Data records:
-=-=-

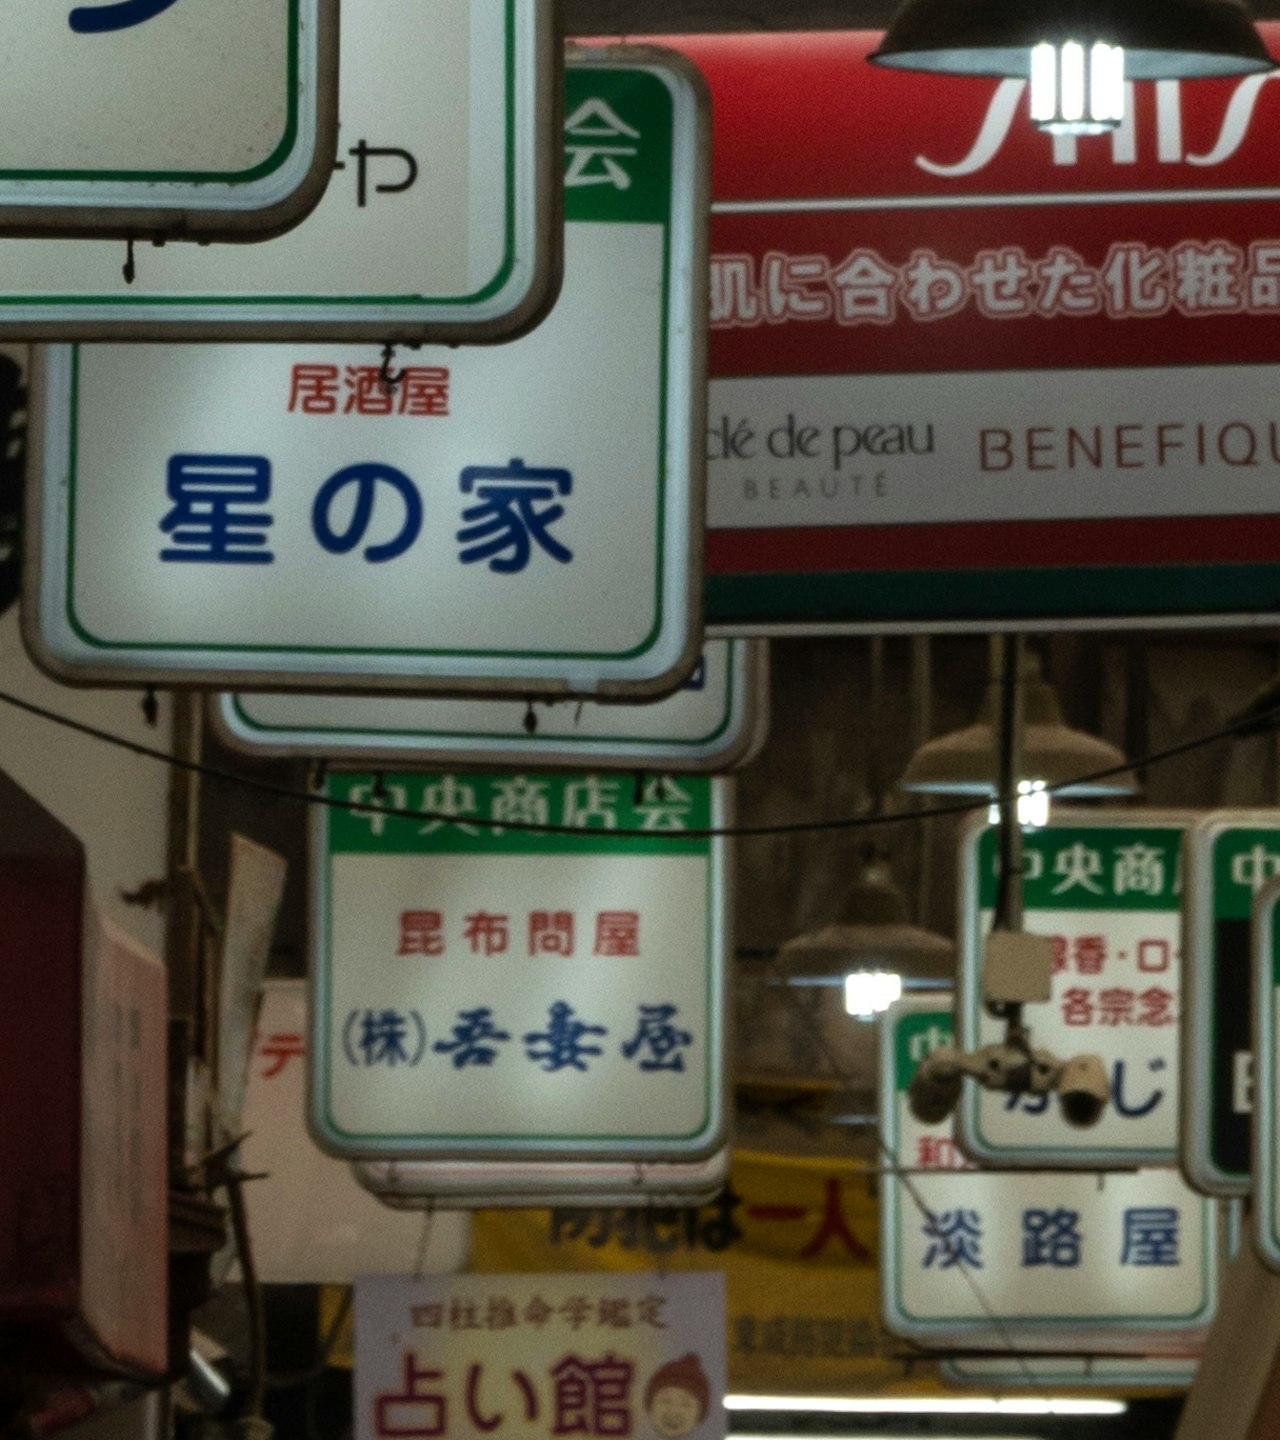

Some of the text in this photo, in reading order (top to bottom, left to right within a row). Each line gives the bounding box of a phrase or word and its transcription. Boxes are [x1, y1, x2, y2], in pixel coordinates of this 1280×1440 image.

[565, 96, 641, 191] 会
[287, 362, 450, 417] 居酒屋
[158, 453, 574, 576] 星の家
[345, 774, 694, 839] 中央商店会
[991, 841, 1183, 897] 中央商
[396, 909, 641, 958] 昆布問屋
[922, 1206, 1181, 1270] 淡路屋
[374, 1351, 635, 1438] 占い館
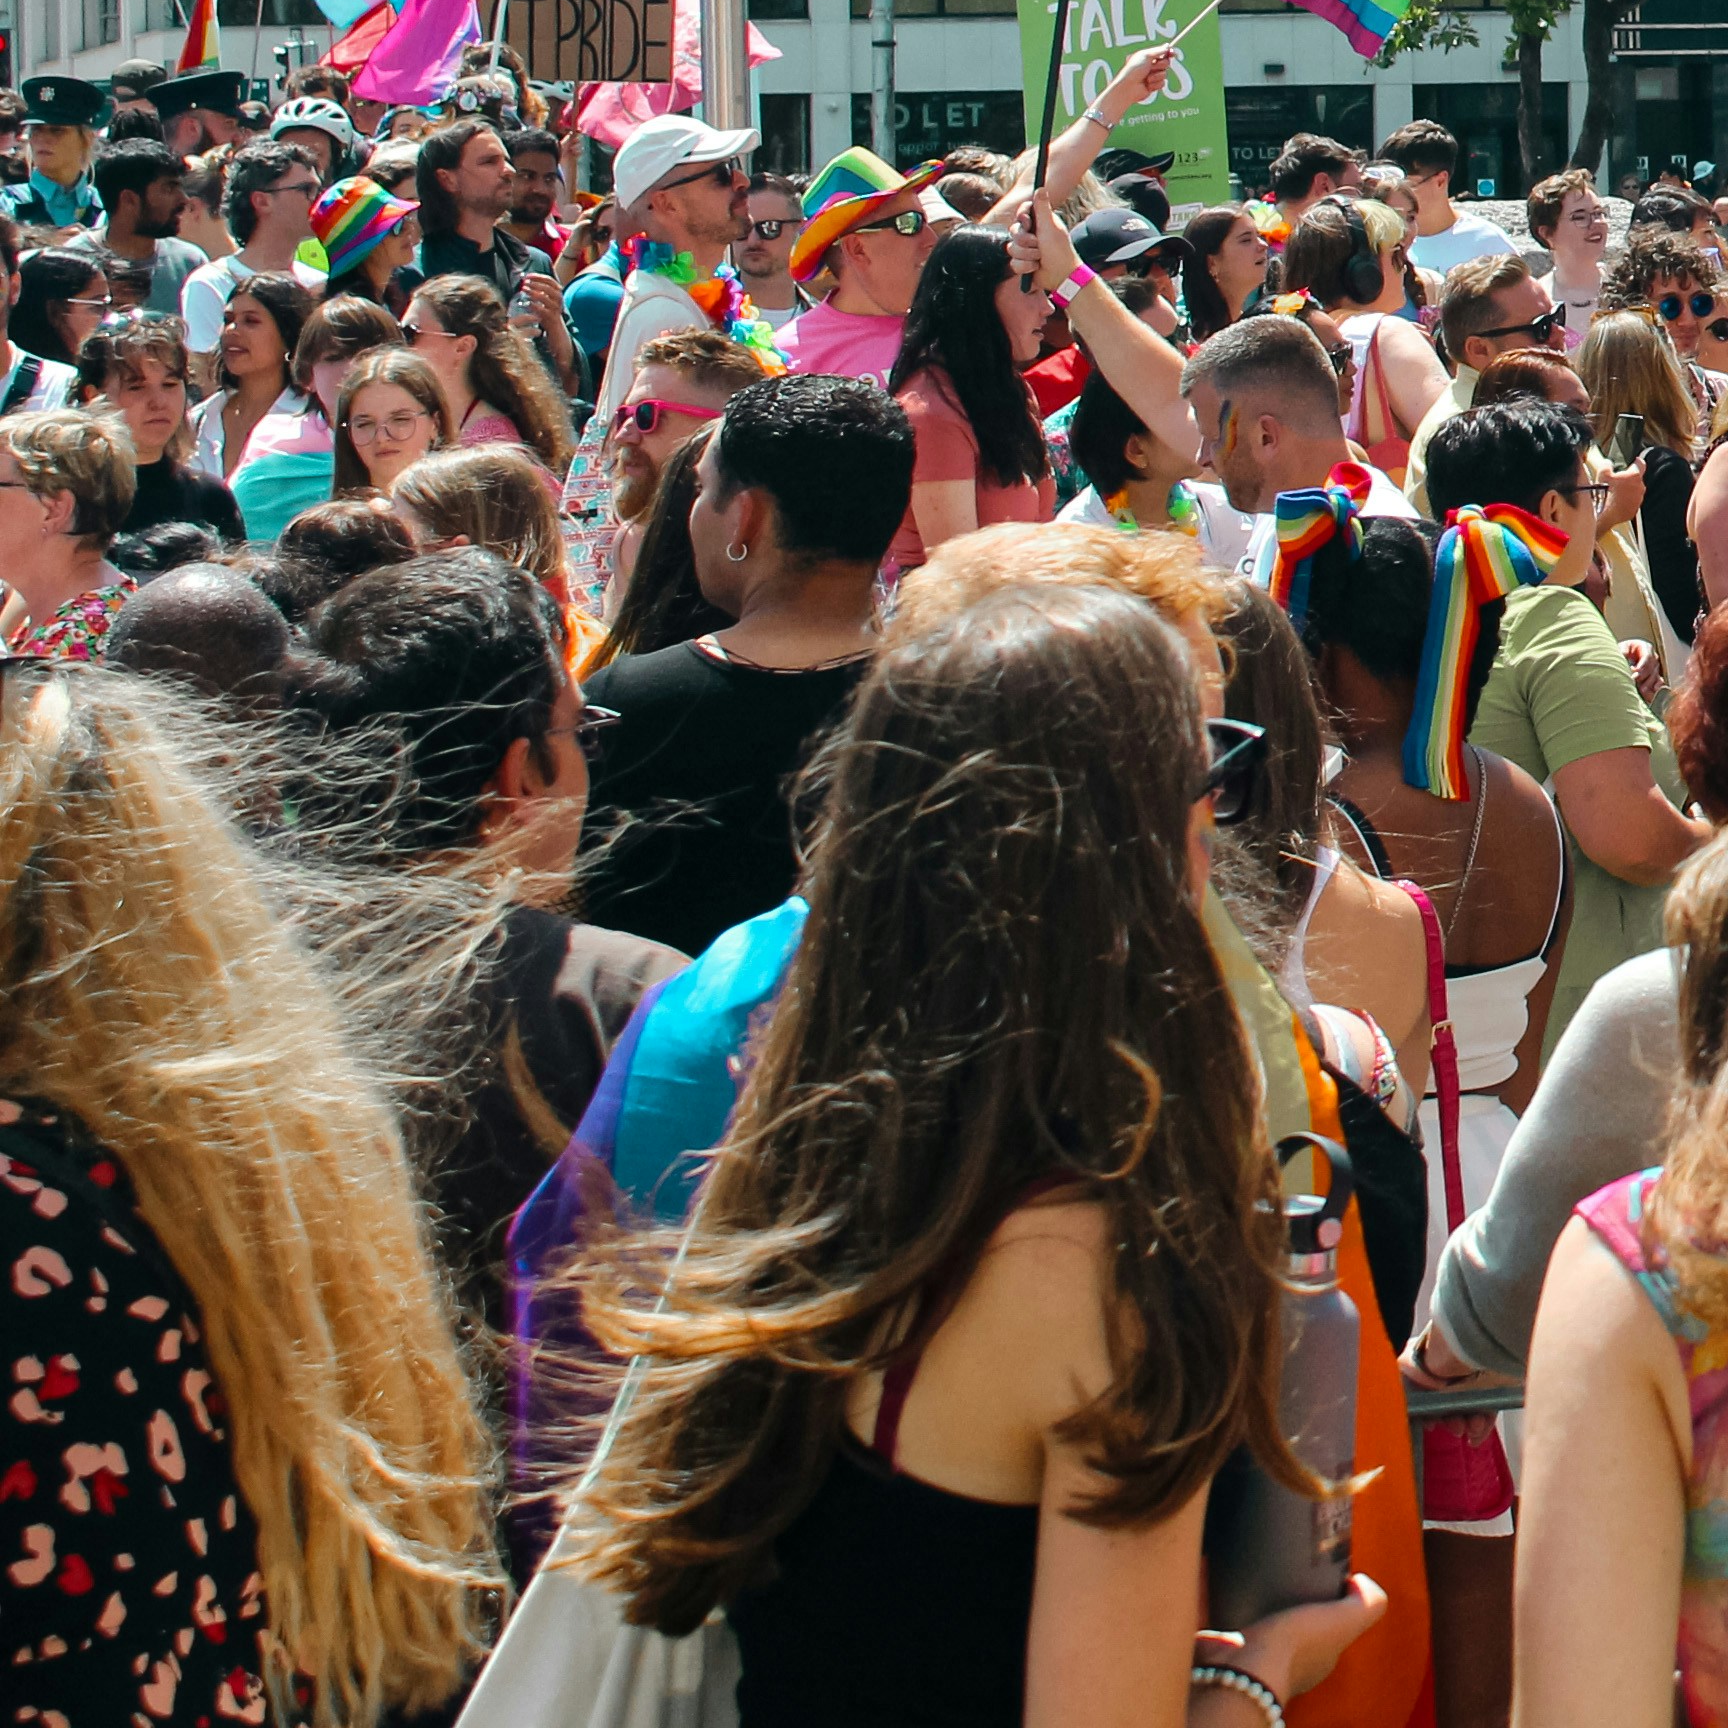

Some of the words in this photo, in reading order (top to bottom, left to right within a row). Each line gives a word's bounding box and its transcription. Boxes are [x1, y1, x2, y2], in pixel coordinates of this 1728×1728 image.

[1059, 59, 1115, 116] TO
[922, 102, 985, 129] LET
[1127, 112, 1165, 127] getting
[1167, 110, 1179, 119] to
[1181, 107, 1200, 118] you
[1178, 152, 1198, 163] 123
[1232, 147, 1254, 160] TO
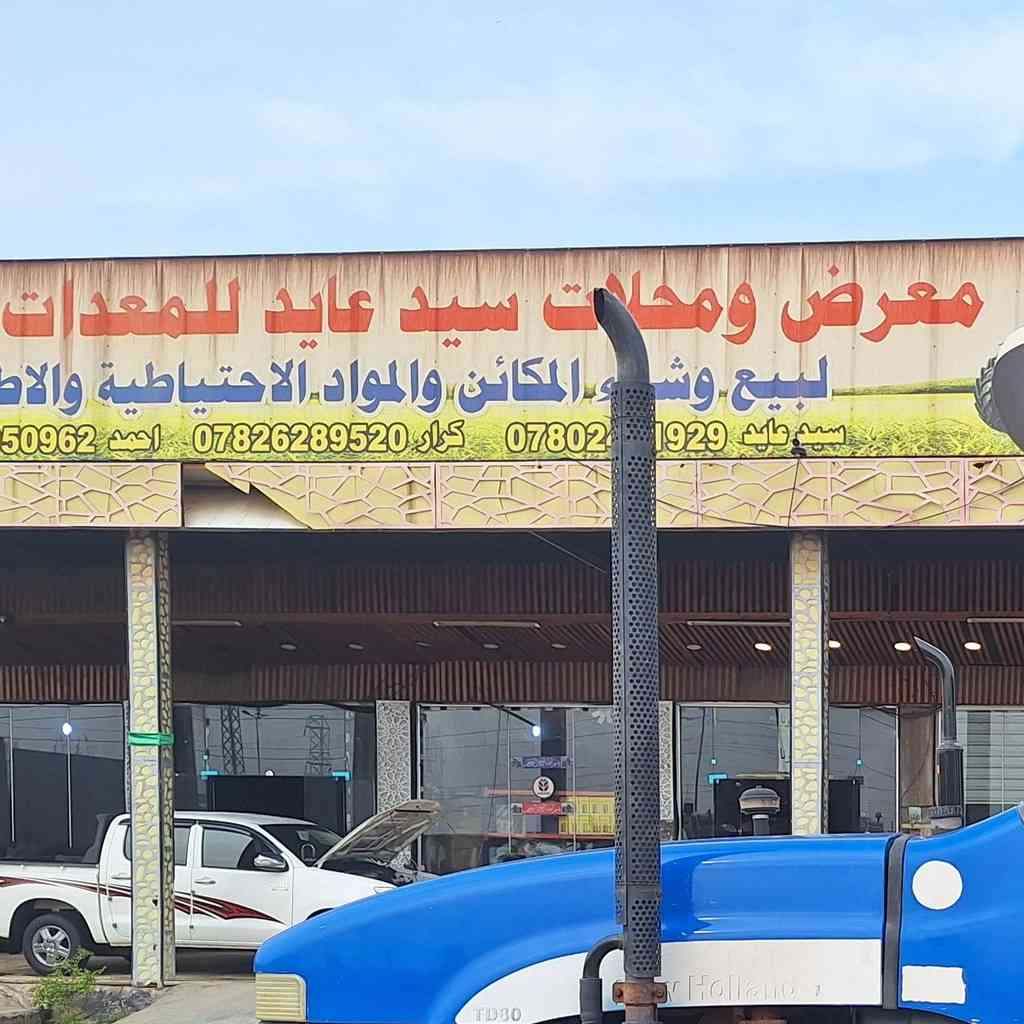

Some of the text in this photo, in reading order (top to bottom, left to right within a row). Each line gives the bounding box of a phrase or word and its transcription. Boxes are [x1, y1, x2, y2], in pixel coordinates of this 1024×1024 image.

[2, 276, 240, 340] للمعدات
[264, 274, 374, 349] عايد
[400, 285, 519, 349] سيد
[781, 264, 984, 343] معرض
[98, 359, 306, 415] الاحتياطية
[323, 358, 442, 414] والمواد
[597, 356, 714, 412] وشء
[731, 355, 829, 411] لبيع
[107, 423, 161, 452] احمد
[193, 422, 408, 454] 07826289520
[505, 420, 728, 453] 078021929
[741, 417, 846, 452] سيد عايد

-=-=-

> Prompt:
Write out the data exactly, but not its pictures.

> Result of this exercise:
Some of the text in this photo, in reading order (top to bottom, left to right within a row). Each line gives the bounding box of a phrase or word and its transcription. Boxes are [x1, y1, x2, y2], in pixel coordinates of this 1280×1440 image.

[565, 96, 641, 191] 会
[287, 362, 450, 417] 居酒屋
[158, 453, 574, 576] 星の家
[345, 774, 694, 839] 中央商店会
[991, 841, 1183, 897] 中央商
[396, 909, 641, 958] 昆布問屋
[922, 1206, 1181, 1270] 淡路屋
[374, 1351, 635, 1438] 占い館

Some of the words in this photo, in reading order (top to bottom, left to right within a row). Each line gives a word's bounding box and its transcription. Boxes are [x1, y1, x2, y2], in pixel coordinates of this 1728×1728 image.

[1059, 59, 1115, 116] TO
[922, 102, 985, 129] LET
[1127, 112, 1165, 127] getting
[1167, 110, 1179, 119] to
[1181, 107, 1200, 118] you
[1178, 152, 1198, 163] 123
[1232, 147, 1254, 160] TO

Some of the text in this photo, in reading order (top to bottom, left to right within a row). Each line gives the bounding box of a phrase or word and its transcription. Boxes are [x1, y1, x2, y2], in pixel coordinates of this 1024×1024 image.

[2, 276, 240, 340] للمعدات
[264, 274, 374, 349] عايد
[400, 285, 519, 349] سيد
[781, 264, 984, 343] معرض
[98, 359, 306, 415] الاحتياطية
[323, 358, 442, 414] والمواد
[597, 356, 714, 412] وشء
[731, 355, 829, 411] لبيع
[107, 423, 161, 452] احمد
[193, 422, 408, 454] 07826289520
[505, 420, 728, 453] 078021929
[741, 417, 846, 452] سيد عايد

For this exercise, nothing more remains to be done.